Q&A: Wake Forest QB Skylar Jones

Skylar Jones finished the spring at Wake Forest as the quarterback picked to replace Riley Skinner, a four-year starter for the Demon Deacons.

In the spring game, Jones completed 4-of-5 passes for 38 yards and ran seven times for 21 yards.

David Ubben: Were you at all surprised you came out of the spring with the job?

Skylar Jones: I guess you could say I was sort of surprised, but at the same time, I still know that there's a whole lot of work I need to do to get better, and that what my main thing is: to go out there and compete hard. I try to get better throwing, making reads and just understanding the whole offense and trying to figure out what the defense is trying to do coverage-wise, blitz-wise and everything like that. Most importantly, keep trying to gain the trust of my coaches and teammates.

Where have you grown the most, solely as a passer, since last year ended?

SJ: Everyone knows about my mobility, but they really kind of question my arm. But I really don't think the coaches question my arm too much. If they really questioned my arm, I really don't think I'd be playing quarterback. But everybody looks at strengths and weaknesses and I guess a lot of people consider my arm a weakness. But I really worked diligently on working on my arm, just accuracy and timing of routes and everything like that, and toward the end of spring, I could really tell I was starting to understand more of the offense. And coach [Tom] Elrod, our quarterback coach, tells me all the time, 'Once you go out there, and you know what you're doing plays-wise and know what the defense is doing, talent starts to take over.' And he's been right. So, I definitely believe that my arm is capable of a whole lot.

DU: Feel much pressure following a guy like Riley?

SJ: There is pressure, but at the same time, I really don't believe in pressure, because it's not all about me. There's 10 other guys out there, and more on defense and special teams. So there's 22 guys out there. Riley's done -- words can't even describe what Riley's done for this program, and he's a great guy. He will be truly missed here, but we've got a great group of receivers and a great defense coming back, and those guys take some pressure off of me when they do great things like make plays. All I've gotta do is get the ball to my receivers and they make plays.
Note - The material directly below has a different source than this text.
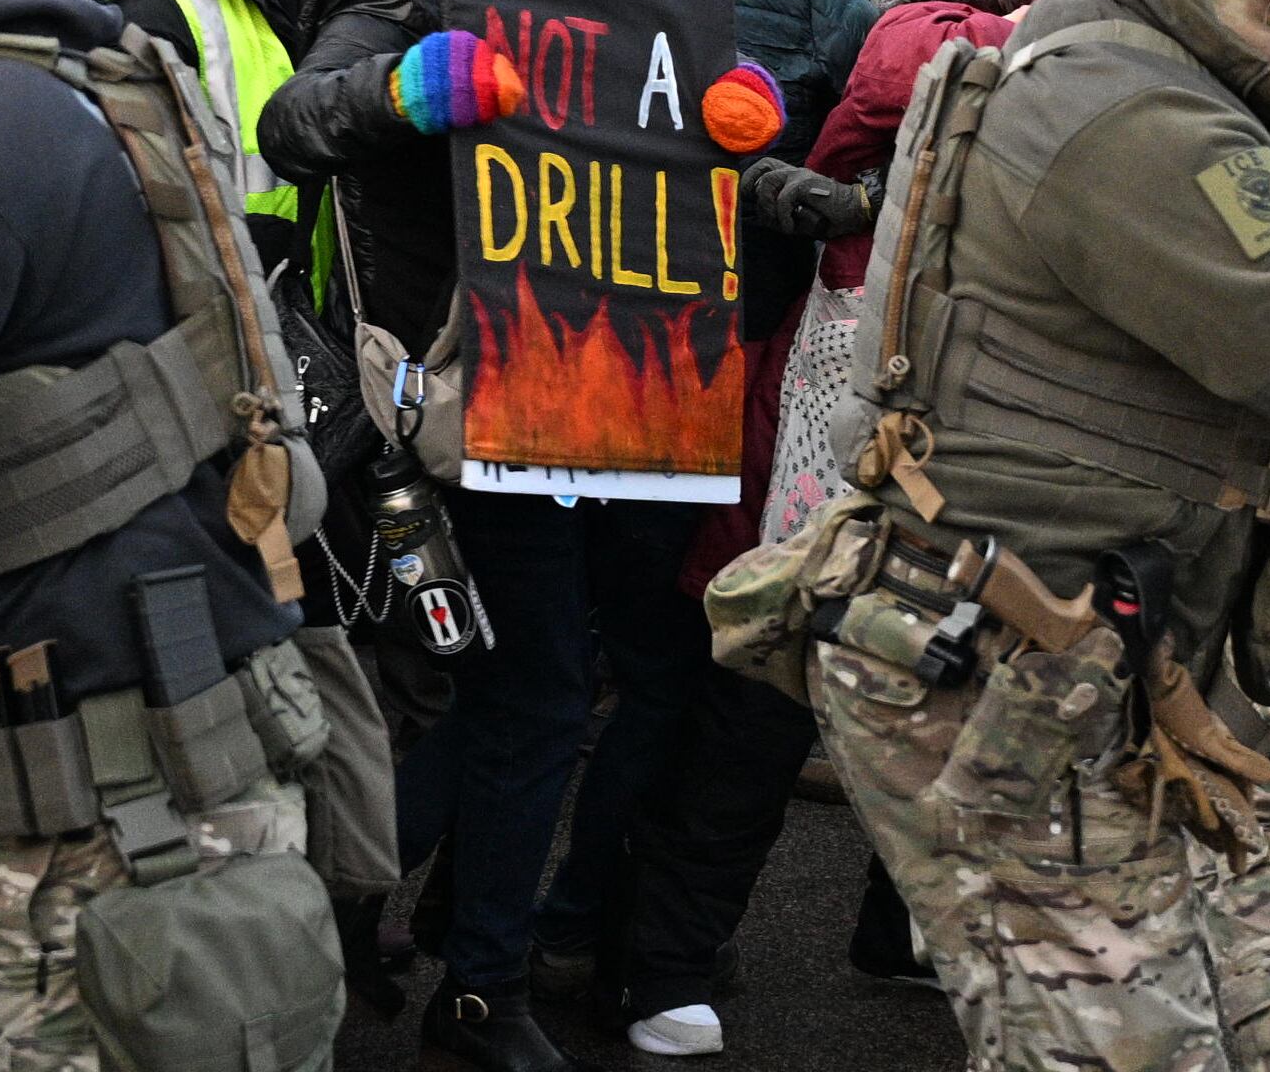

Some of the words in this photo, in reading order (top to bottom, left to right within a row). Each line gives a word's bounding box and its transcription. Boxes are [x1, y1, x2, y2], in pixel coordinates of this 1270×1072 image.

DU: What's the best thing you learned from him in your time there?

SJ: Poise. I would say poise and confidence and not getting rattled. Every time I'd see Riley, he was always ready to bounce back. Whether he threw an interception or made a bad play, he was always ready to come back and ready for the next series and the next play. When bad things happen, you've gotta bounce back and make something good, and he's done that throughout his whole career here.

DU: Obviously, the two of you are very different players. How have you tweaked the offense to fit what you do?
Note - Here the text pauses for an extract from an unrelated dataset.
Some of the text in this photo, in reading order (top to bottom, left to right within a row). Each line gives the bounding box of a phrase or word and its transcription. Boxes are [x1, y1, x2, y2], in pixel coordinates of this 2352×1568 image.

SJ: Our offensive scheme right now is completely different than what we did last year. We're a little more run-oriented team so far, but we'll still whip it out there. Our offense, there's a lot of misdirection and getting guys out in open space.

DU: Anything else I should know?

SJ: Yes. I just wanted to say, a lot of people think that we'll probably not be that good this year, or toward the bottom of the ACC, but I really believe that with the core group of guys we have now -- what's different about this team now is the team unity. Everyone's together, everyone's pushing each other in the weight room, out there at practice and in the classroom, pushing each other to make grades so everyone has good academics. That's really all I wanted to say. Our team unity, everybody's just together this year and I really think we can make some noise with the talent we have.